PROBLEM DETAILS:
Your copy should match the listing below word for word, with no images in it.

======== RECORDS FOR PROCESSING ========

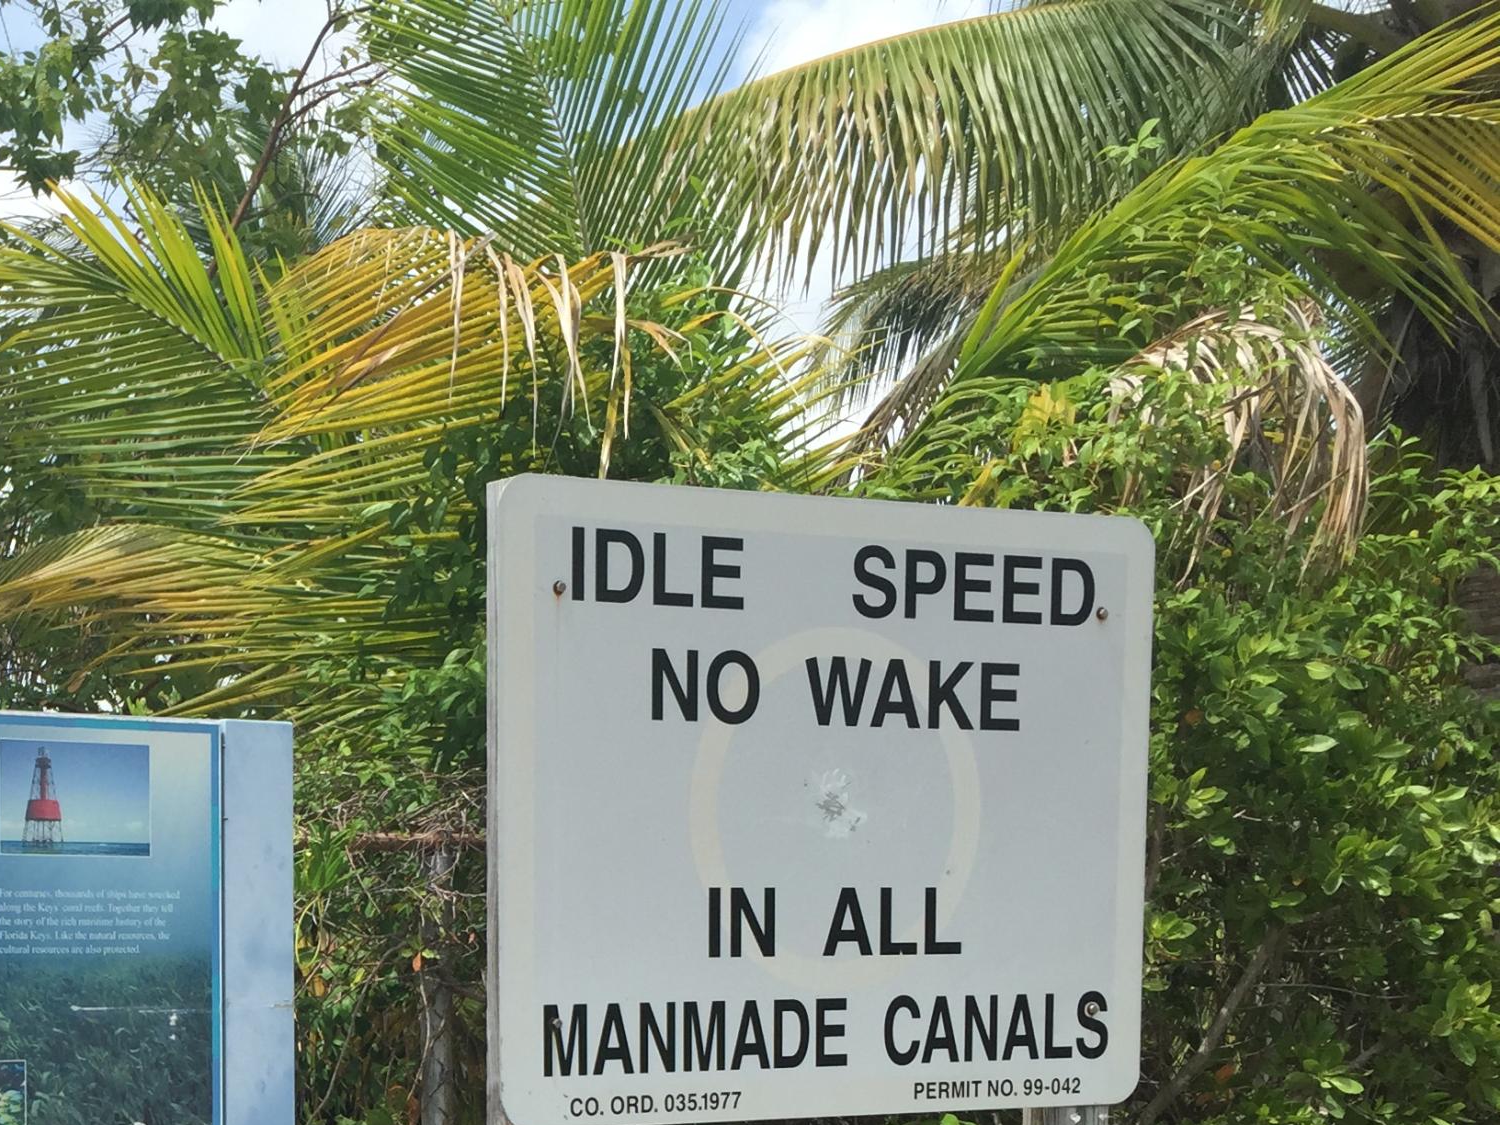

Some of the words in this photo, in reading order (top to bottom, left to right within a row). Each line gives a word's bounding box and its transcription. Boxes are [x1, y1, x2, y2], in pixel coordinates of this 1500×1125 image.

[572, 526, 744, 610] IDLE
[852, 544, 1096, 626] SPEED
[651, 648, 760, 724] NO
[805, 656, 1019, 731] WAKE
[708, 887, 775, 957] IN
[822, 887, 961, 956] ALL
[543, 997, 847, 1076] MANMADE
[884, 990, 1108, 1065] CANALS
[570, 1096, 603, 1117] CO.
[610, 1094, 657, 1114] ORD.
[914, 1080, 982, 1099] PERMIT
[987, 1079, 1017, 1097] NO.
[1023, 1077, 1080, 1095] 99-042
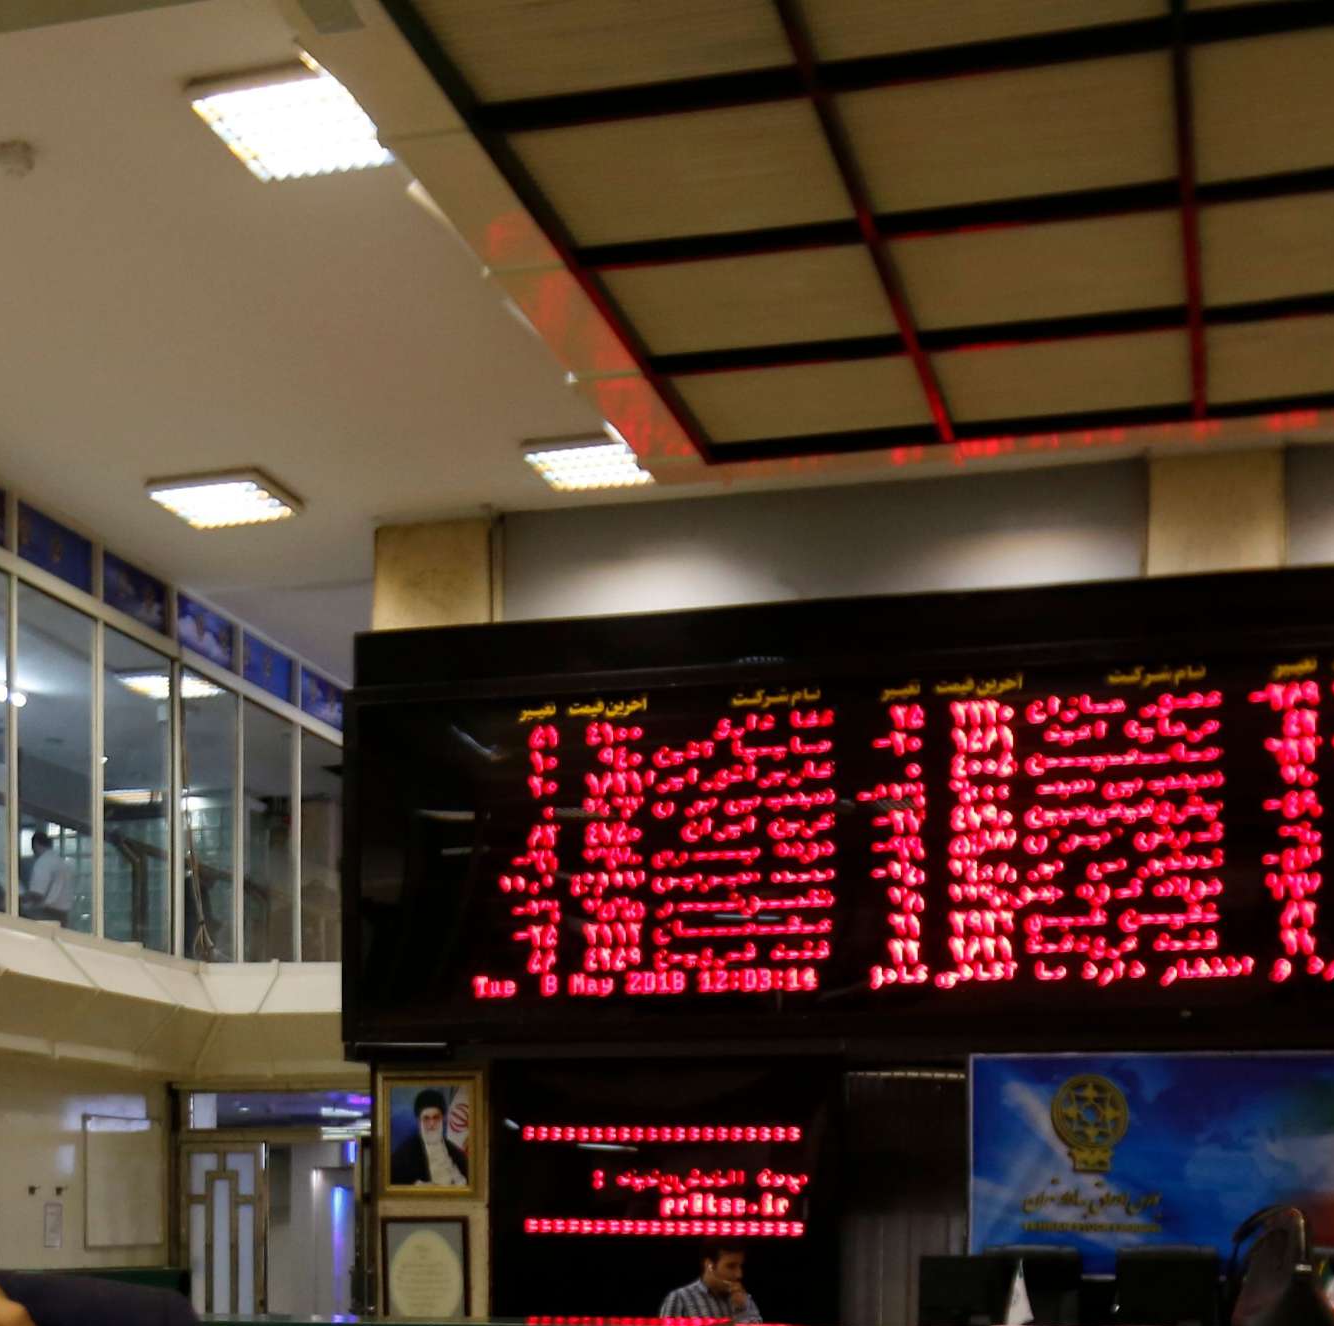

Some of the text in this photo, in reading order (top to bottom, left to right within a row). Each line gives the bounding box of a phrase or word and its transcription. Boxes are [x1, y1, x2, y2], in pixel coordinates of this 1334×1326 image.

========

ANSWER TO THIS EXERCISE:
Some of the words in this photo, in reading order (top to bottom, left to right within a row). Each line gives a word's bounding box and its transcription. Boxes are [x1, y1, x2, y2], in pixel coordinates of this 1500×1125 image.

[572, 526, 744, 610] IDLE
[852, 544, 1096, 626] SPEED
[651, 648, 760, 724] NO
[805, 656, 1019, 731] WAKE
[708, 887, 775, 957] IN
[822, 887, 961, 956] ALL
[543, 997, 847, 1076] MANMADE
[884, 990, 1108, 1065] CANALS
[570, 1096, 603, 1117] CO.
[610, 1094, 657, 1114] ORD.
[914, 1080, 982, 1099] PERMIT
[987, 1079, 1017, 1097] NO.
[1023, 1077, 1080, 1095] 99-042

Some of the text in this photo, in reading order (top to bottom, left to right within a row). Each line gives the bounding box of a phrase or word and its transcription. Boxes are [x1, y1, x2, y2], in pixel coordinates of this 1334×1326 image.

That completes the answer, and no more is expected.